Aim of the task ▸
Please transcribe every entry below exactly, without including the pictures.

Content starts

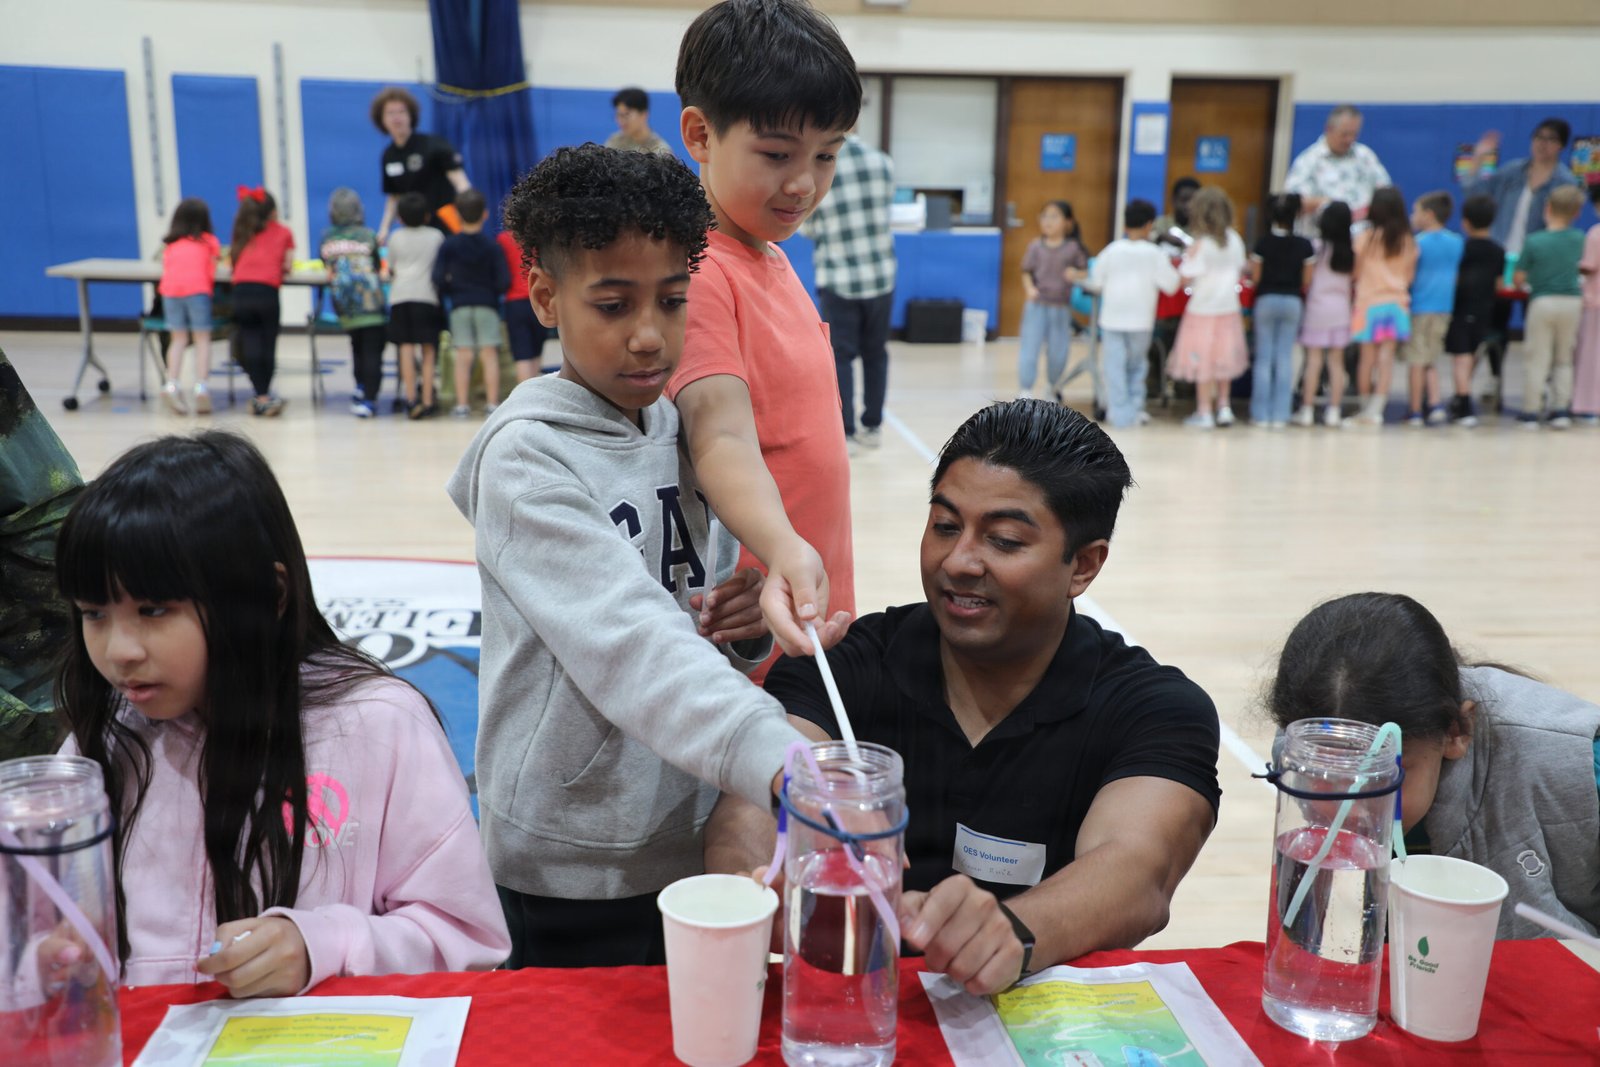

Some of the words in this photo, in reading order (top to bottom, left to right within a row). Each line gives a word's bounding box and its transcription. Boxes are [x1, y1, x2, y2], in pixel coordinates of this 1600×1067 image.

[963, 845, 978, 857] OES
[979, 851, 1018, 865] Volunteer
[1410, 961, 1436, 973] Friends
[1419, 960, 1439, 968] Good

Content ends

Solved exercise ▸
Some of the words in this photo, in reading order (top to bottom, left to right within a row). Each line gives a word's bounding box and its transcription. Boxes are [x1, y1, x2, y2], in pixel coordinates of this 1600×1067 image.

[963, 845, 978, 857] OES
[979, 851, 1018, 865] Volunteer
[1410, 961, 1436, 973] Friends
[1419, 960, 1439, 968] Good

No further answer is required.